§ **What you are asked to do**: Please repeat every entry exactly as written, but skip the pictures.

↓↓↓

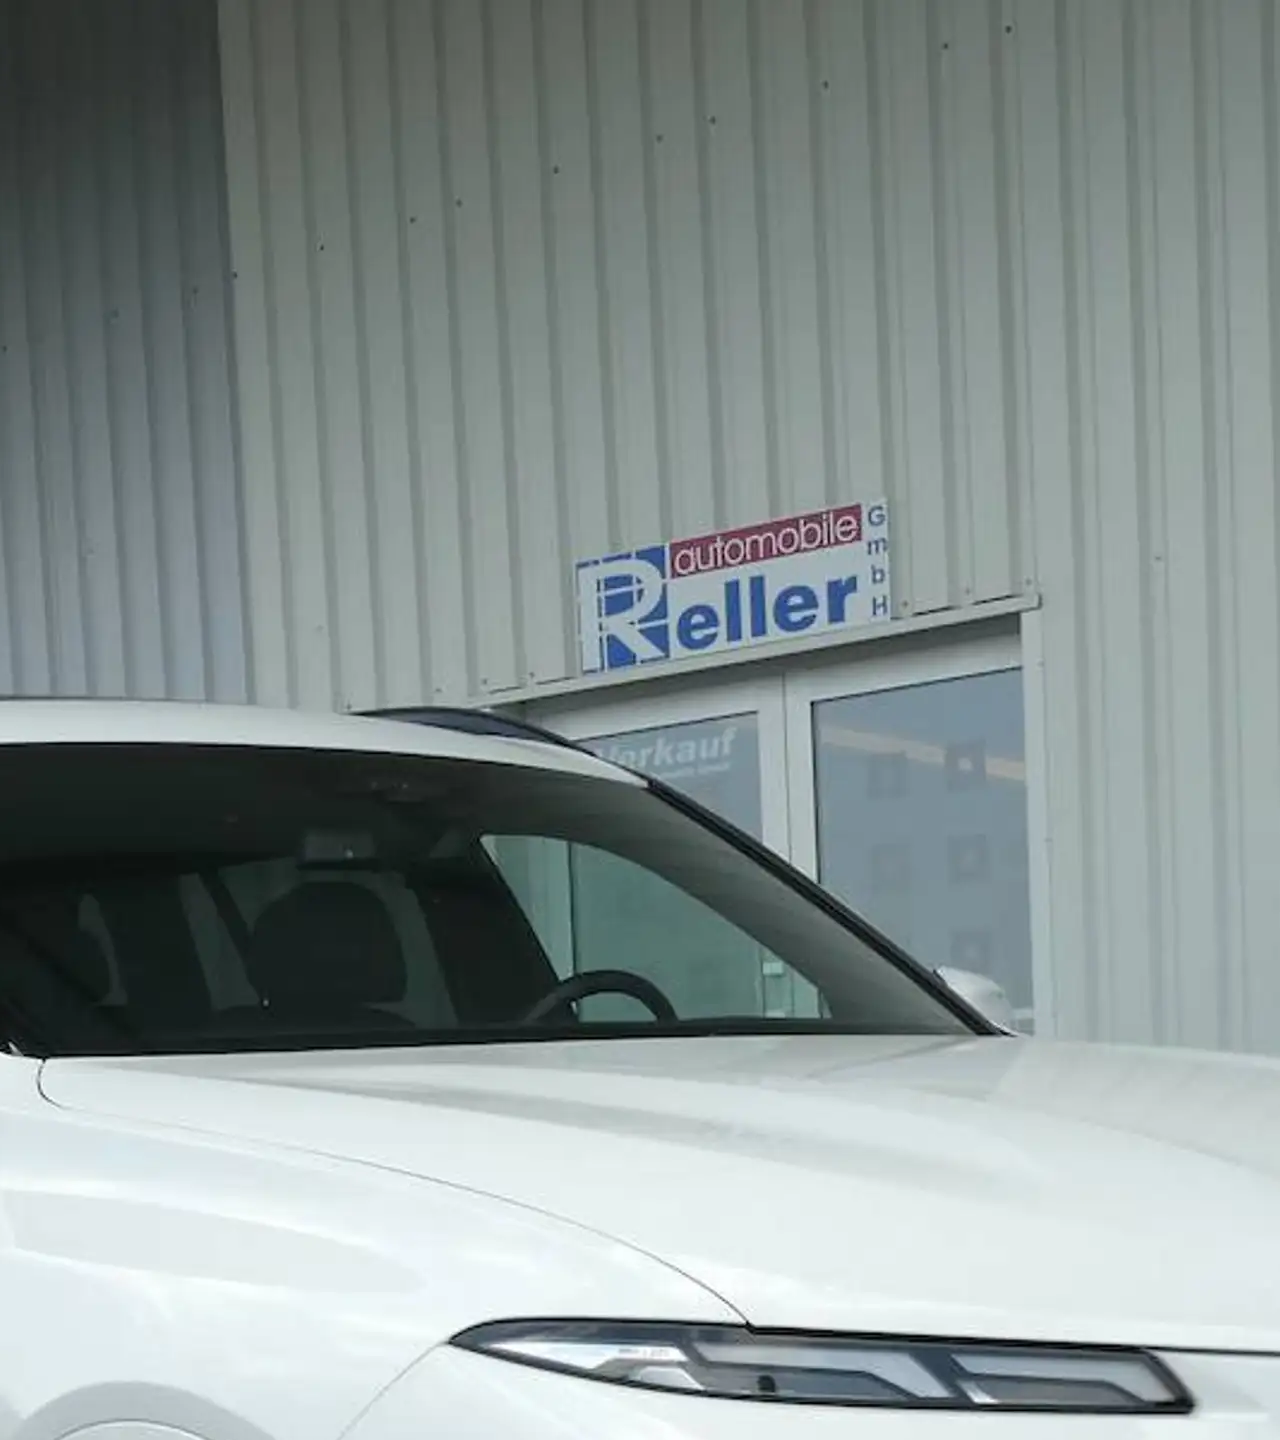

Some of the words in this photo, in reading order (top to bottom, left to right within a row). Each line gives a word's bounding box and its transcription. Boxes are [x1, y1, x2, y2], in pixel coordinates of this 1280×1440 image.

[673, 510, 859, 577] automobile
[866, 504, 889, 618] GmbH
[575, 546, 859, 674] Reller
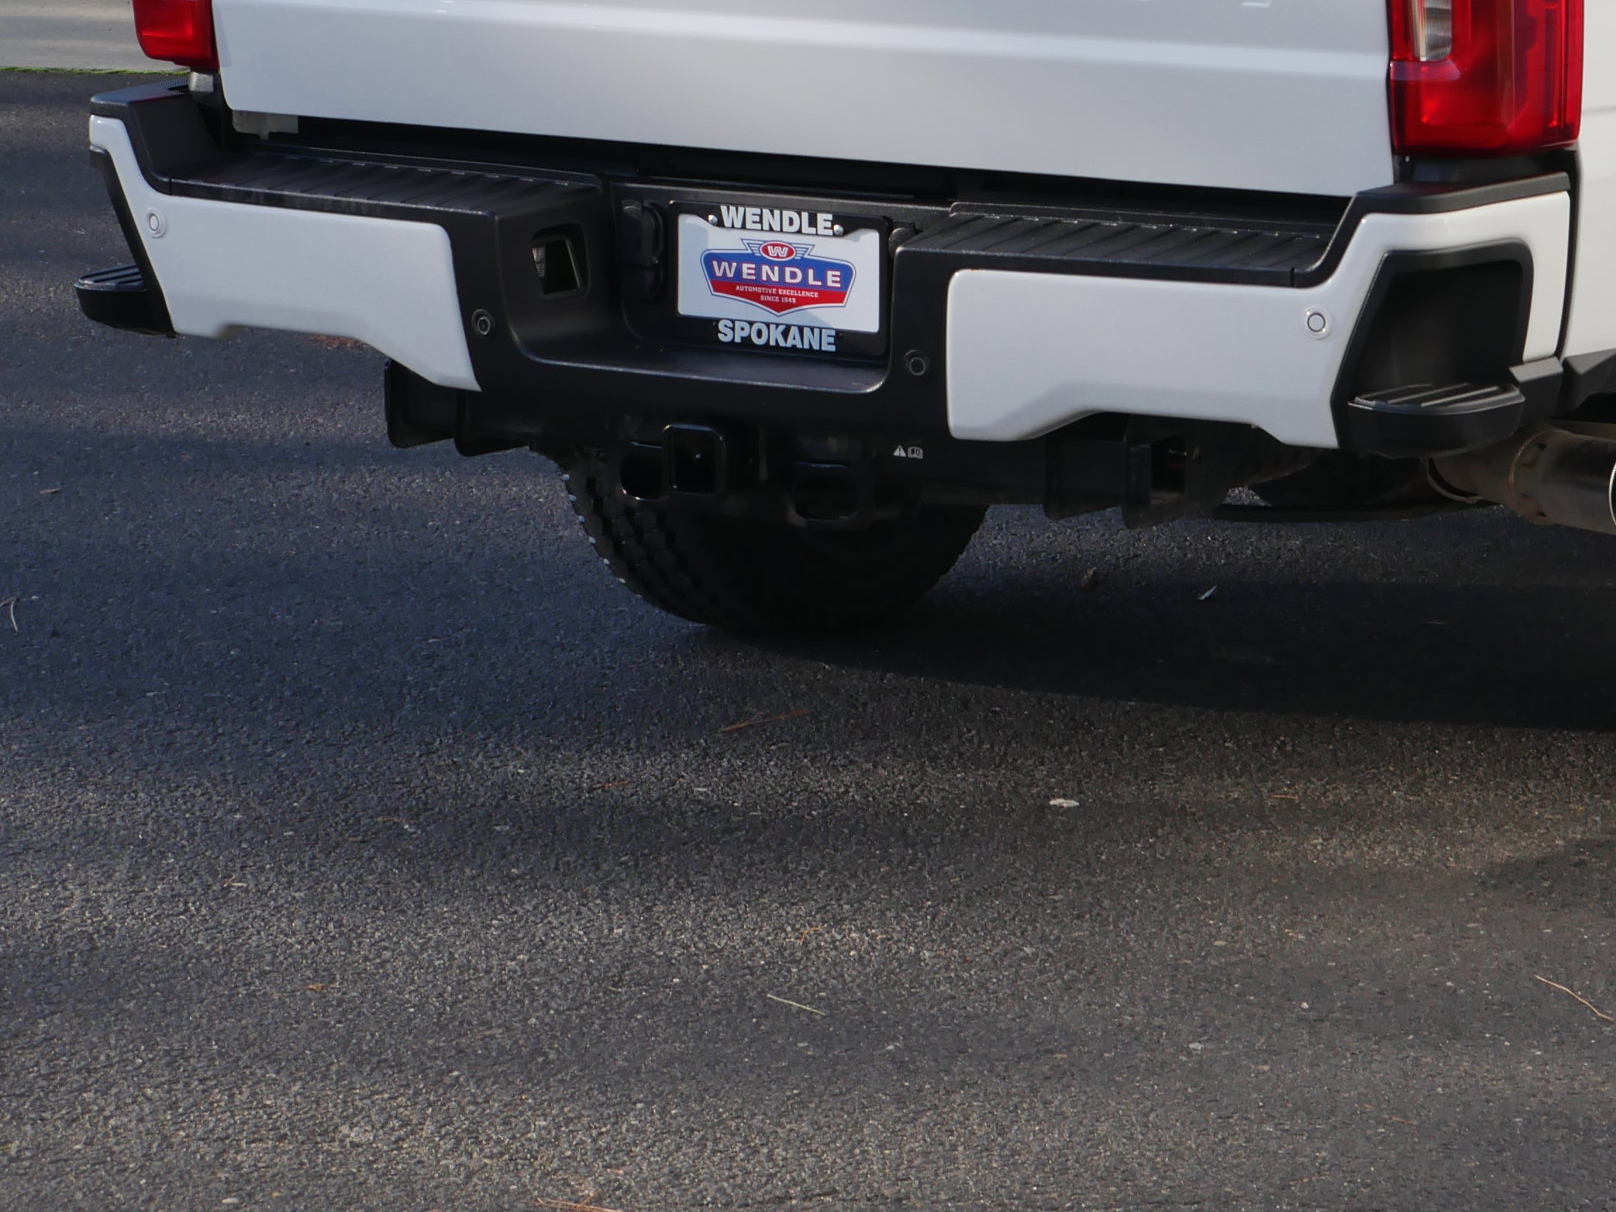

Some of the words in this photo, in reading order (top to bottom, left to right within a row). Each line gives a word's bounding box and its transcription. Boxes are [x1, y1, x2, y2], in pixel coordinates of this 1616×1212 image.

↑↑↑

§ **Reply**:
Some of the words in this photo, in reading order (top to bottom, left to right within a row). Each line gives a word's bounding box and its transcription. Boxes are [x1, y1, x2, y2], in pixel coordinates of this 1280×1440 image.

[673, 510, 859, 577] automobile
[866, 504, 889, 618] GmbH
[575, 546, 859, 674] Reller

Some of the words in this photo, in reading order (top to bottom, left to right within a row). Each line gives a word's bounding box and its transcription. Boxes are [x1, y1, x2, y2], in pixel coordinates of this 1616×1212 image.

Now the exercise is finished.